The study included 707 STEMI patients randomized to primary PCI via the femoral (n=359) or radial (n=348) artery. There was no difference in baseline patient and procedural characteristics or differences in symptoms-to-balloon time. In addition, there was no significant difference in the use of anticoagulants. All patients received aspirin, clopidogrel, and heparin, and 45% of patients in both treatment arms received GP IIb/IIIa inhibitors.

During clinical follow-up, the rate of 30-day bleeding (defined by HORIZONS-AMI bleeding criteria) and access-site complications were 80% lower in patients treated via the radial artery (7.2% in the femoral group vs 1.4% in the radial group; p=0.0001). The 30-day net adverse clinical event rate, which included major adverse cardiac events (MACE) plus major bleeding, was 58% lower in the radial-access PCI arm (11.0% vs 4.6%; p=0.0028). There was no difference in the MACE rate alone. Less contrast volume was used in radial-access PCI, and the length of ICU stay was 0.5 days shorter in the radial-treated patients (3.0 days in the femoral group vs 2.5 days in the radial group; p=0.0016).

Overall, the mortality rate in RADIAL-STEMI was 2.3% in the radial-access PCI arm and 3.1% in the femoral-access arm, a nonsignificant difference that Bernat said was likely the result of the study being underpowered for death.

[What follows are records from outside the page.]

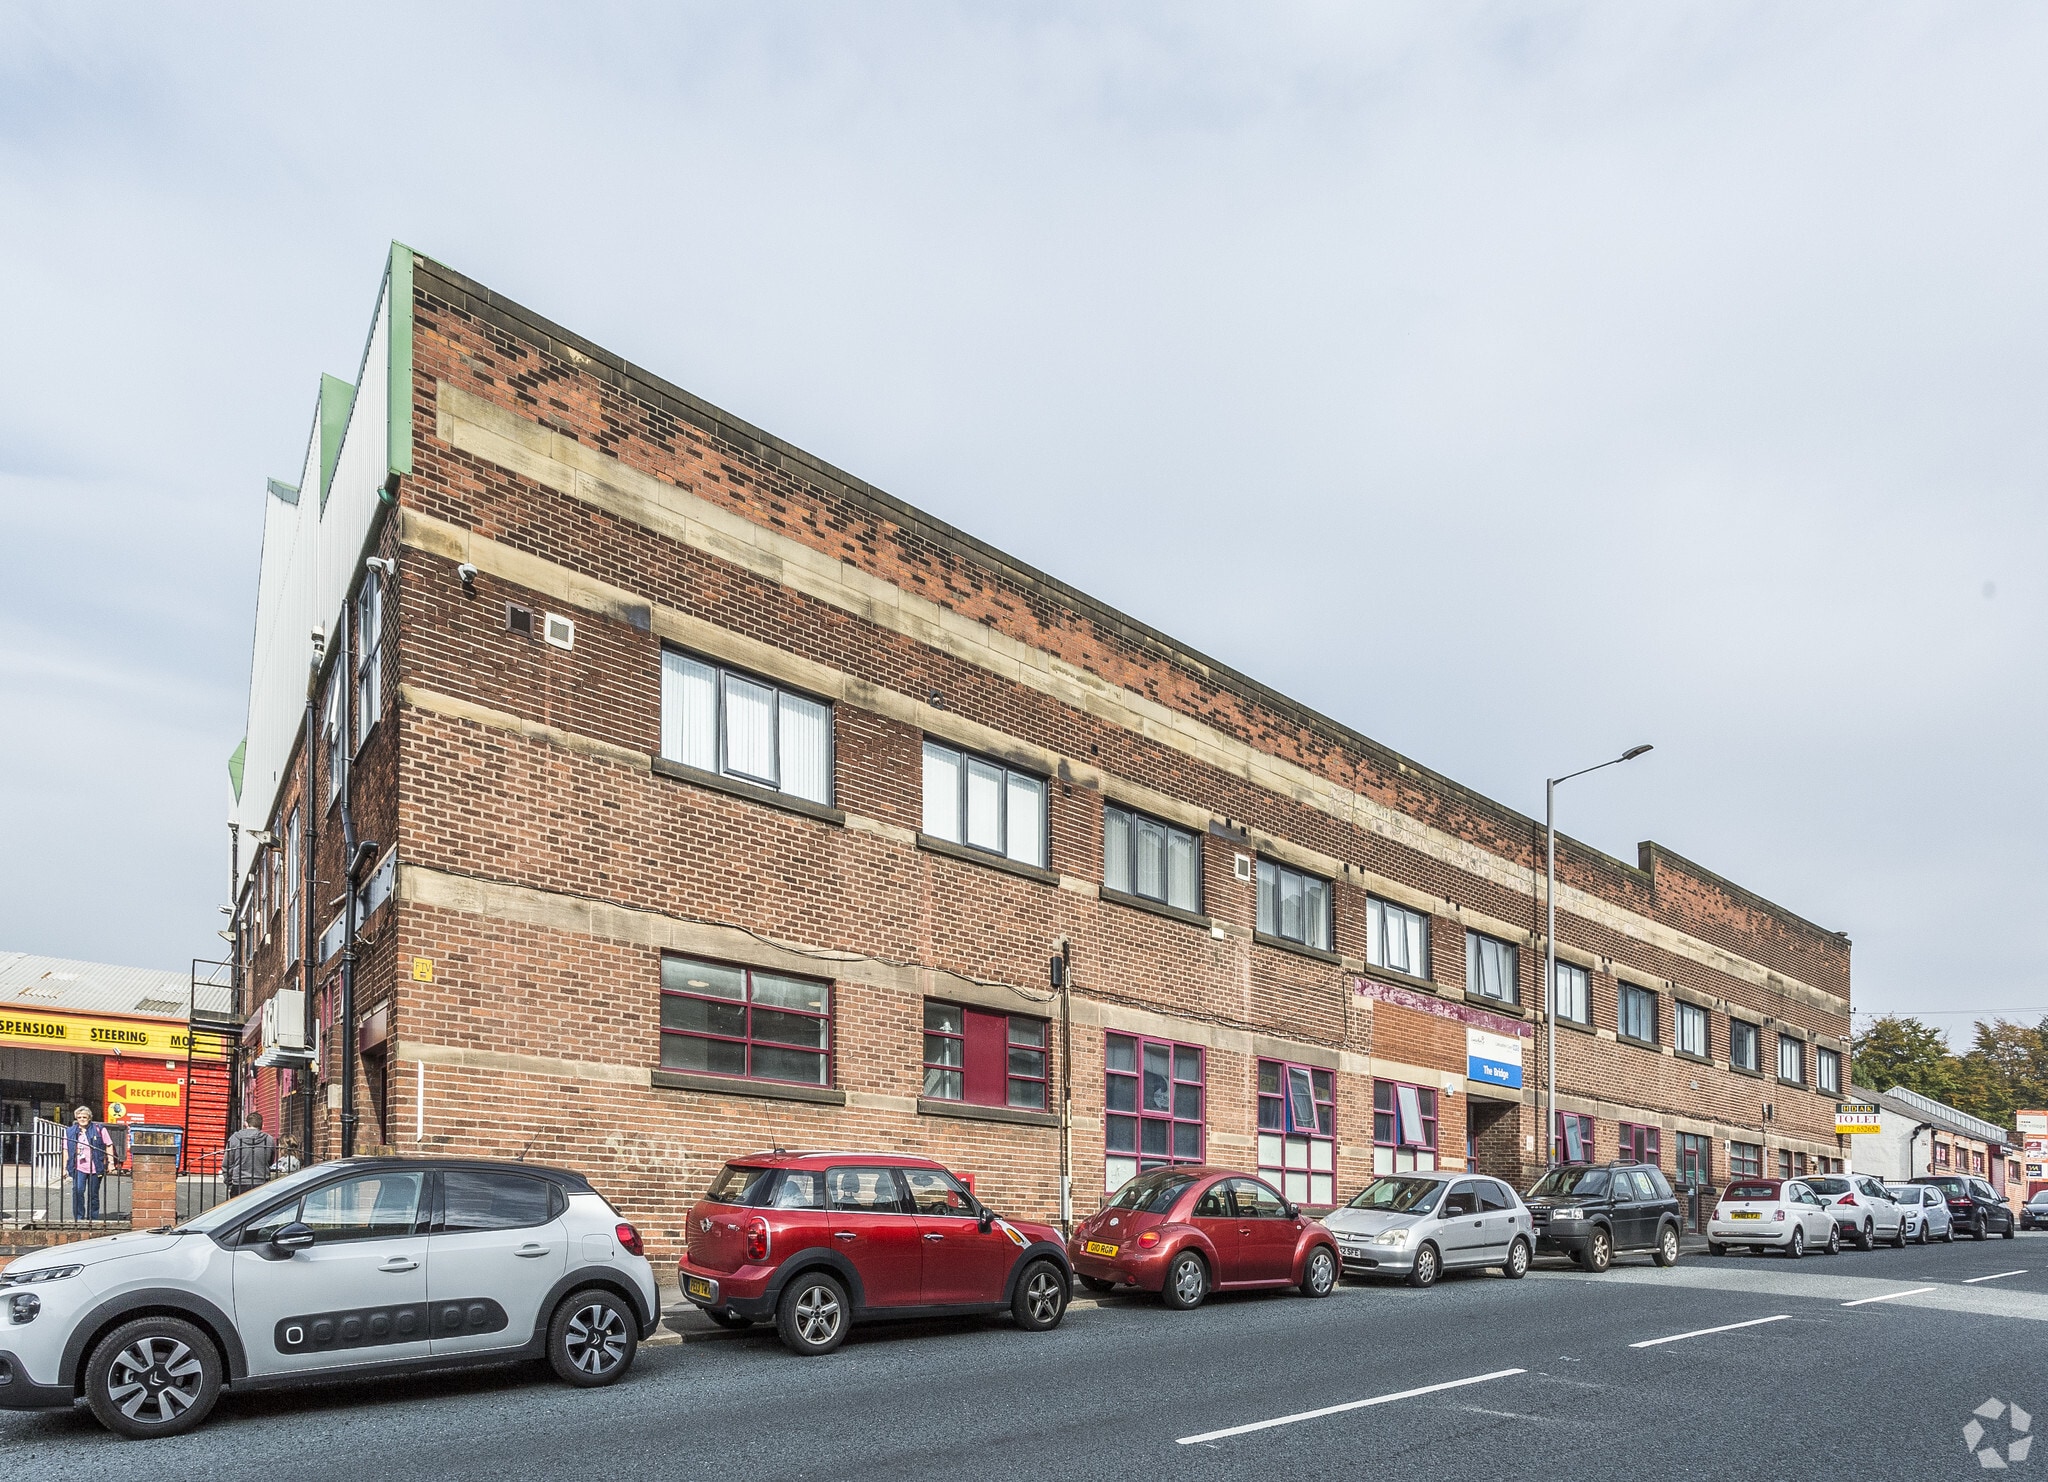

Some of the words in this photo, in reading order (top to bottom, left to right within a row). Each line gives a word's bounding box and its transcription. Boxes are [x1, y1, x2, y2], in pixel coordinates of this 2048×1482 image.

[90, 1028, 147, 1042] STEERING
[1483, 1065, 1493, 1075] The
[1493, 1067, 1509, 1080] Bridge
[130, 1088, 177, 1099] RECEPTION
[1837, 1115, 1853, 1124] TO
[1856, 1115, 1879, 1124] LET
[1837, 1125, 1855, 1133] 01772
[1856, 1125, 1879, 1133] 652652
[1100, 1245, 1114, 1255] RGR

Switched Over to Radial PCI Seven Years Ago

Until seven years ago all the operators at Bernat's hospital were performing PCIs via the conventional femoral artery. Given the switch to radial access, they sought to assess bleeding and access-site complications among their center and three others performing a majority of their PCIs via radial access. When the study was initiated in 2009, there were no published data on the benefits or risks of radial-access PCI. Since then, RIVAL and RADIAL-STEACS have now been published.

With RIVAL, the largest study of radial-access PCI to date, the treatment of patients with acute coronary syndromes (ACS) with PCI via the radial artery did not reduce the rate of death, MI, stroke, or non-CABG-related major bleeding at 30 days. Transradial access, however, did result in a 63% reduction in the risk of large vascular-access complications. RIVAL included 7021 patients, of whom 1958 presented with STEMI.

Speaking with the media at TCT 2012, Bernat said that radial-access experience in RIVAL was quite variable compared with STEMI-RADIAL. Asked about the applicability of the findings, he added that the learning curve for radial-access PCI is not as steep as some physicians think and that most centers could make the switch to radial-access primary PCI once they become familiar with performing elective procedures via the radial artery.

"I think the findings are consistent with what we know about radial vs femoral PCI," added Dr Robert Byrne (Deutsches Herzzentrum, Munich Germany), another interventionalist who commented on the study. "If there is a benefit to be seen, it's in patients with STEMI. I think this certainly focuses our attention that perhaps a lot of the difference is in the anticoagulation strategies that are used in these patients."